### Required action
Copy nothing but the text: repeat each entry exactly and drop the images.

### Records from a collection
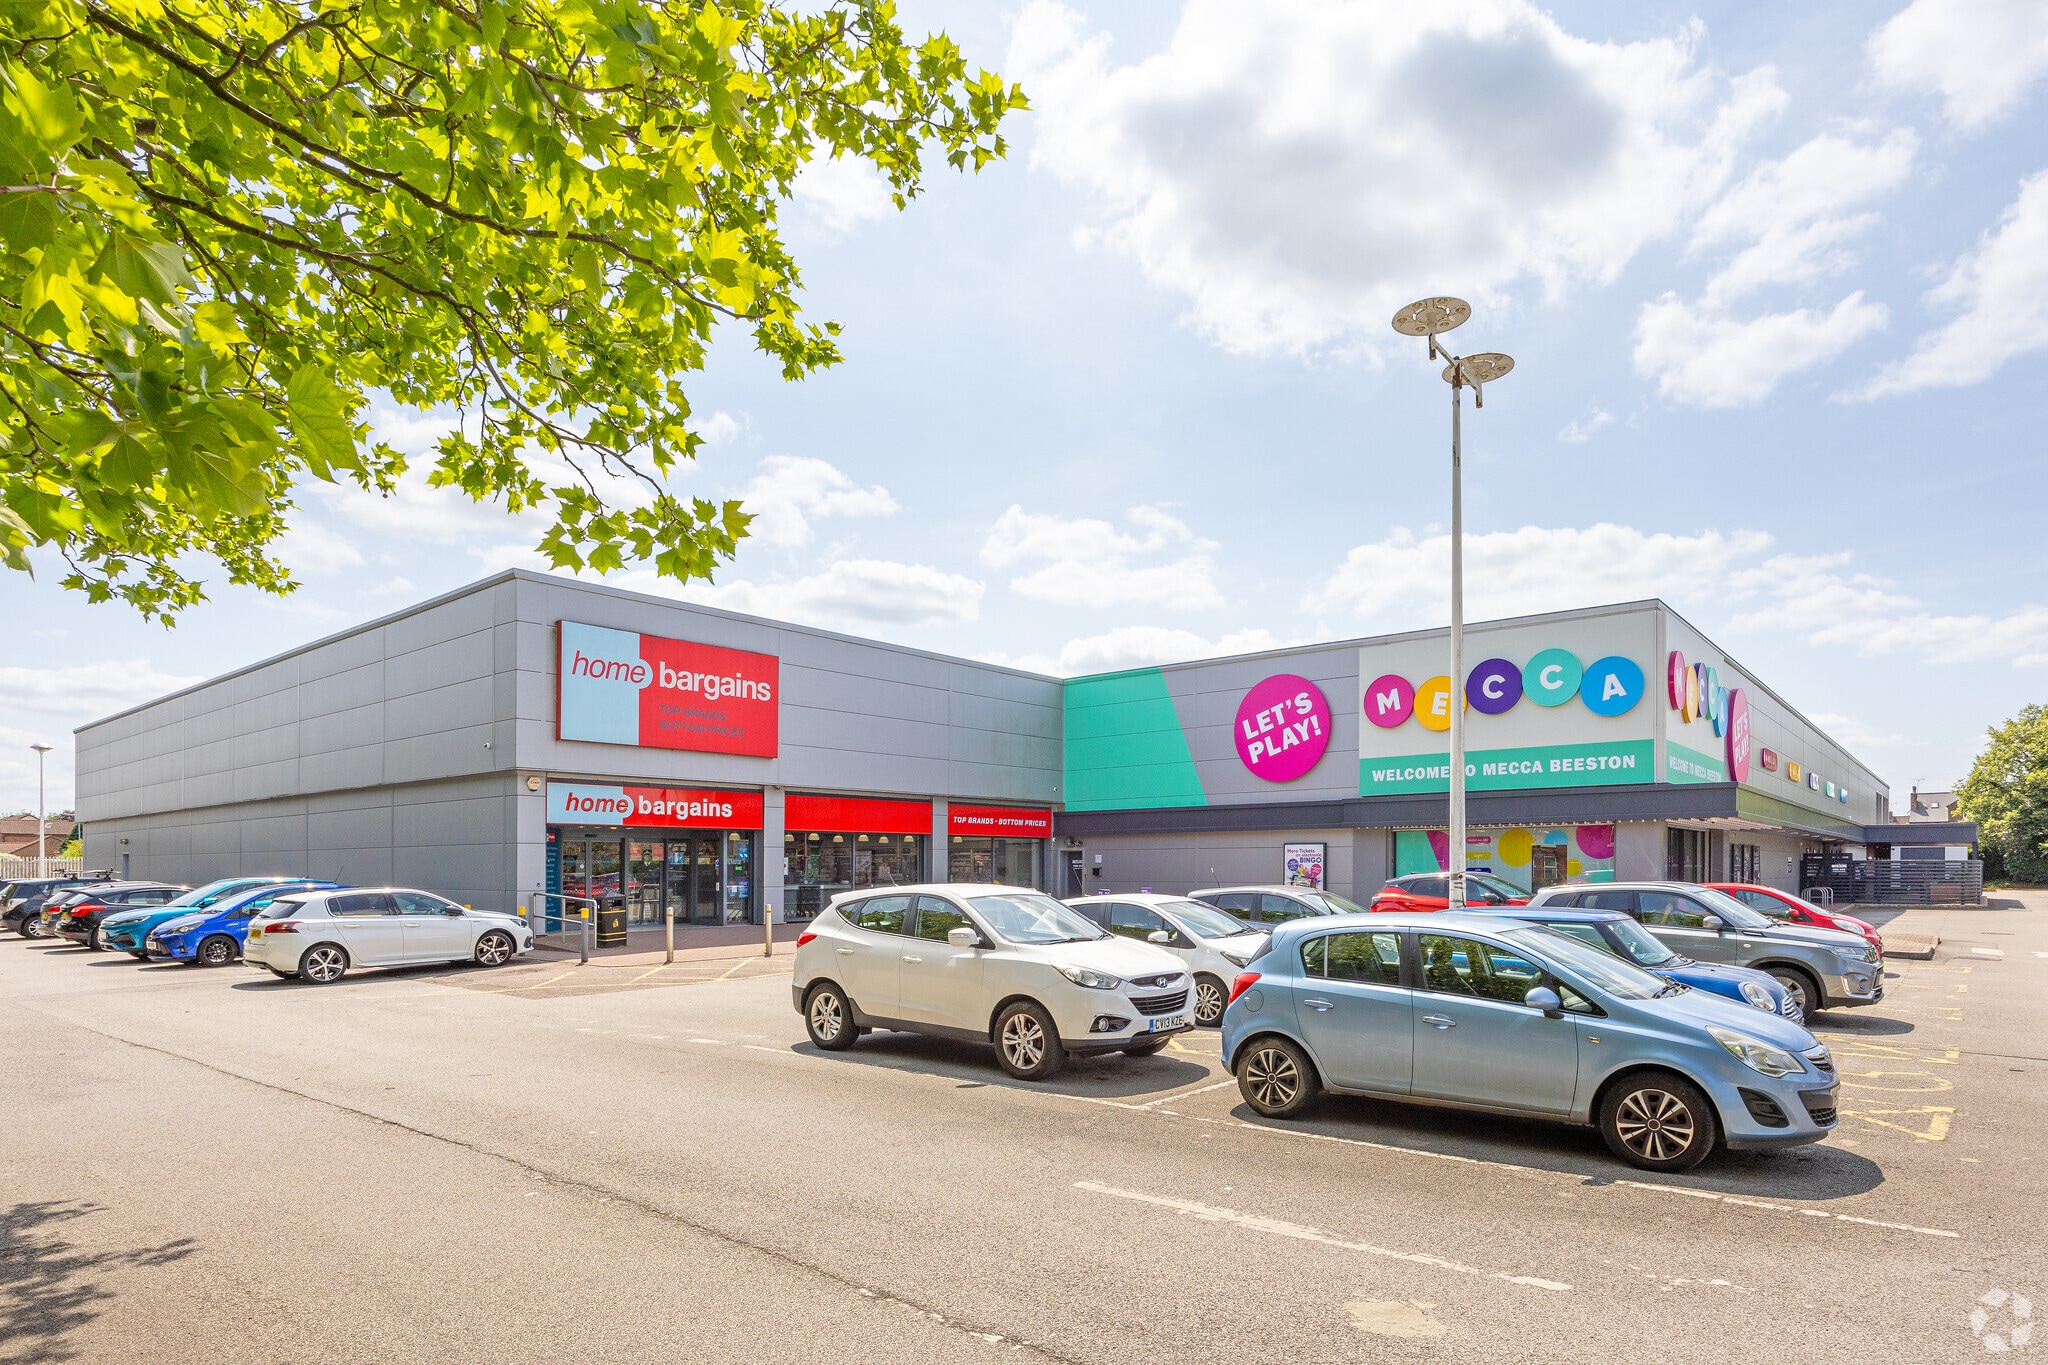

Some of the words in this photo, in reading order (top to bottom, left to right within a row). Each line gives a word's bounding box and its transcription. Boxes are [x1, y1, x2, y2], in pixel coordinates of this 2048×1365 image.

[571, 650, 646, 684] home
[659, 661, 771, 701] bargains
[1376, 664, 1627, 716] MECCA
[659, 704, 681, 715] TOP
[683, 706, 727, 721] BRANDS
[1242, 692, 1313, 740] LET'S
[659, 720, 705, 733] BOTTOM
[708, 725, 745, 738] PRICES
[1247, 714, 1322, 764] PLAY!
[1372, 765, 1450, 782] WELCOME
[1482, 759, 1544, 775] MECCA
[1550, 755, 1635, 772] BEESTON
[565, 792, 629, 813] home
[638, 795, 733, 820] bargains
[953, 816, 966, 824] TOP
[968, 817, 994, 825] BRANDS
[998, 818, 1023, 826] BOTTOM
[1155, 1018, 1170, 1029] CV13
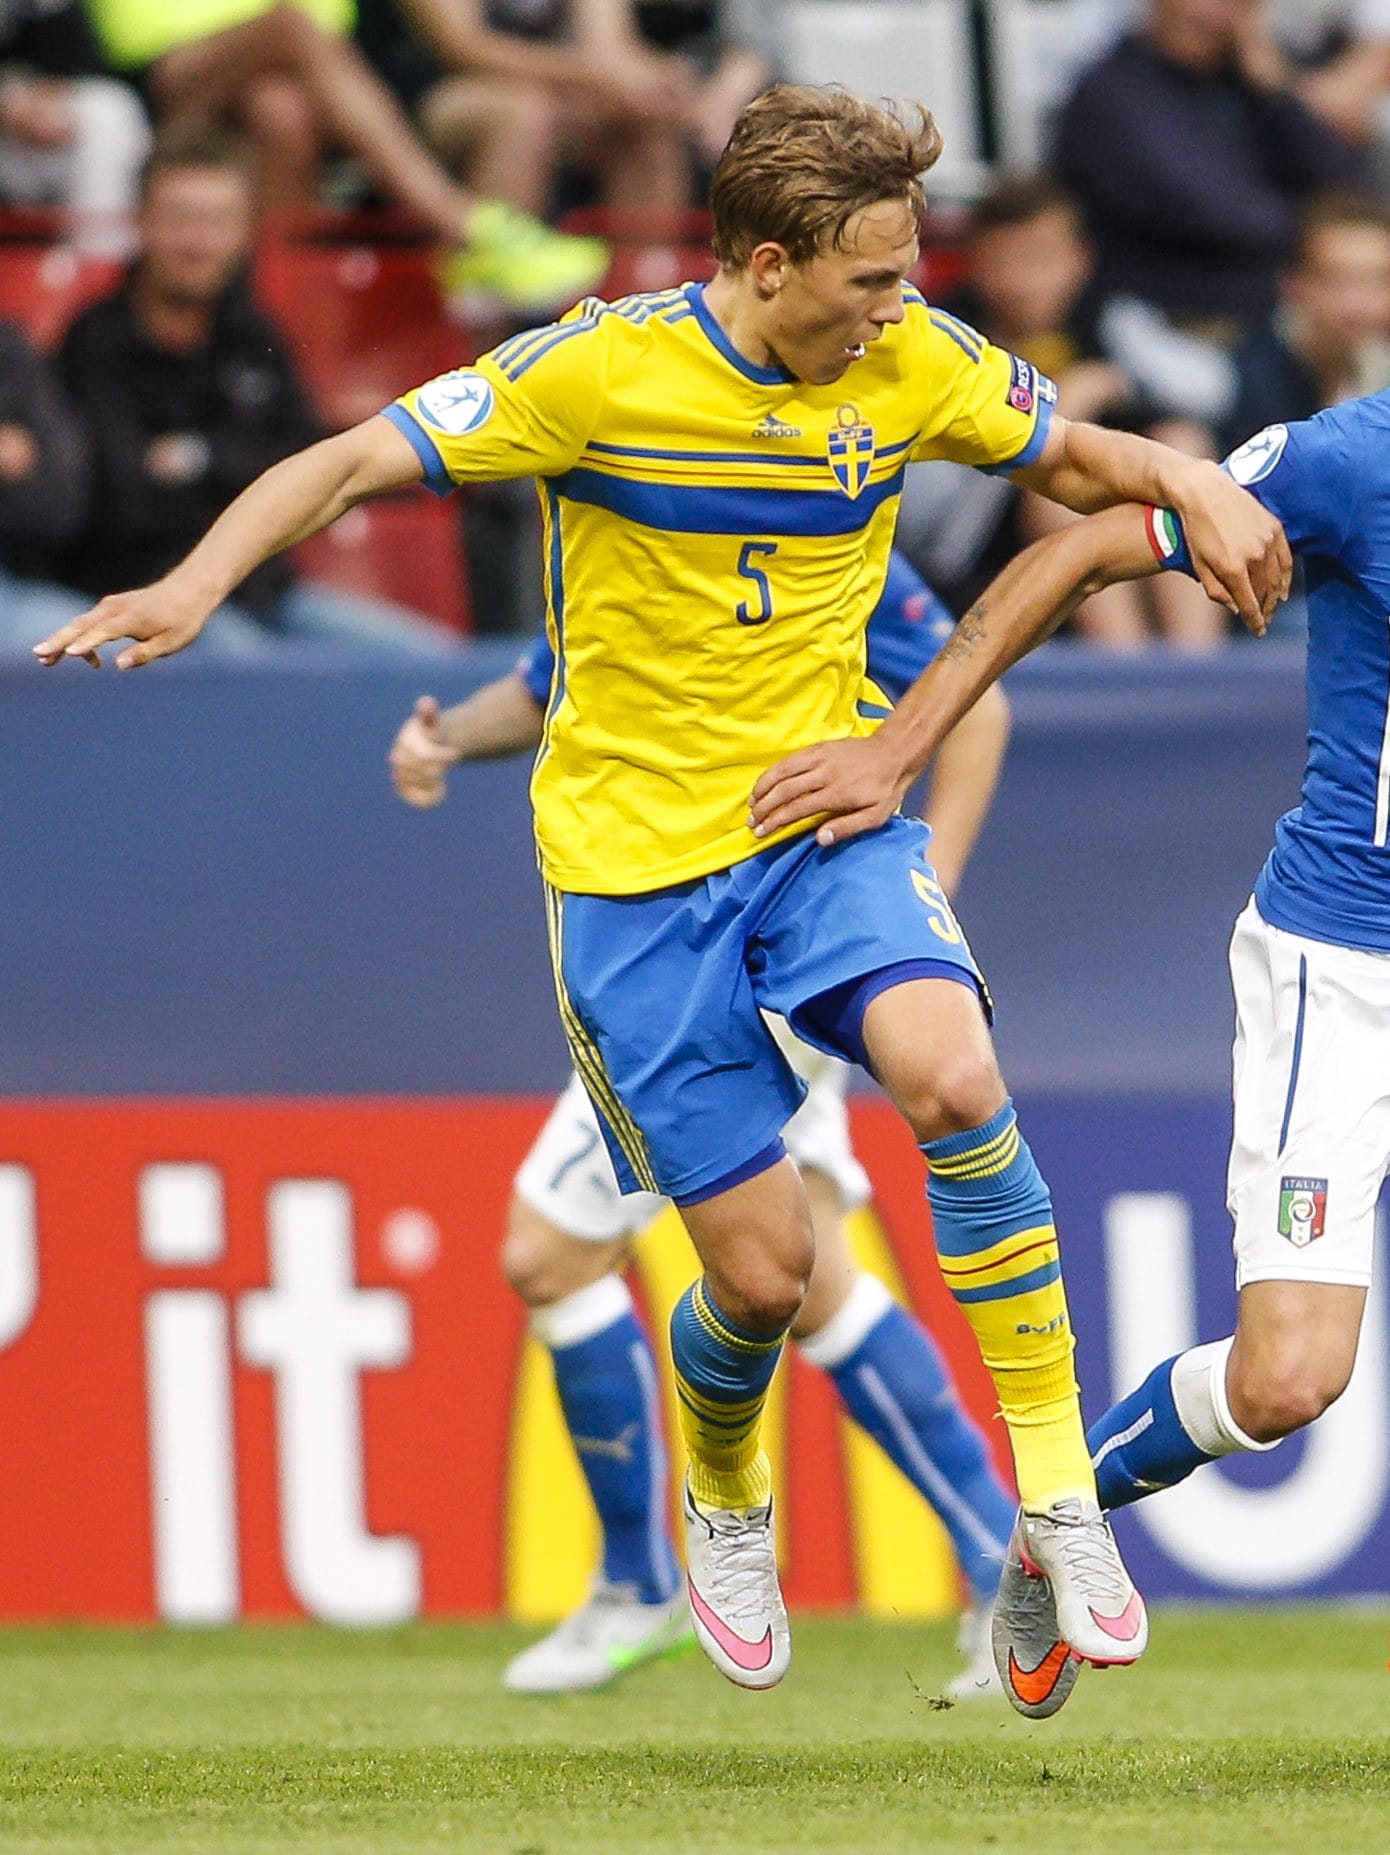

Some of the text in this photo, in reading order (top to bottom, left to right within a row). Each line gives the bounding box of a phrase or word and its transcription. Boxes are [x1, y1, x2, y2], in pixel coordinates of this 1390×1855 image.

### Solution below
Some of the words in this photo, in reading order (top to bottom, left to right within a row). Each line gives a word's bounding box and its transcription. Boxes are [x1, y1, x2, y2], in pixel coordinates of this 2048×1365 image.

[571, 650, 646, 684] home
[659, 661, 771, 701] bargains
[1376, 664, 1627, 716] MECCA
[659, 704, 681, 715] TOP
[683, 706, 727, 721] BRANDS
[1242, 692, 1313, 740] LET'S
[659, 720, 705, 733] BOTTOM
[708, 725, 745, 738] PRICES
[1247, 714, 1322, 764] PLAY!
[1372, 765, 1450, 782] WELCOME
[1482, 759, 1544, 775] MECCA
[1550, 755, 1635, 772] BEESTON
[565, 792, 629, 813] home
[638, 795, 733, 820] bargains
[953, 816, 966, 824] TOP
[968, 817, 994, 825] BRANDS
[998, 818, 1023, 826] BOTTOM
[1155, 1018, 1170, 1029] CV13

Some of the text in this photo, in reading order (top to bottom, left to right within a row). Each line gives the bounding box of a phrase or word and its transcription. Boxes are [x1, y1, x2, y2], in pixel coordinates of this 1390×1855 image.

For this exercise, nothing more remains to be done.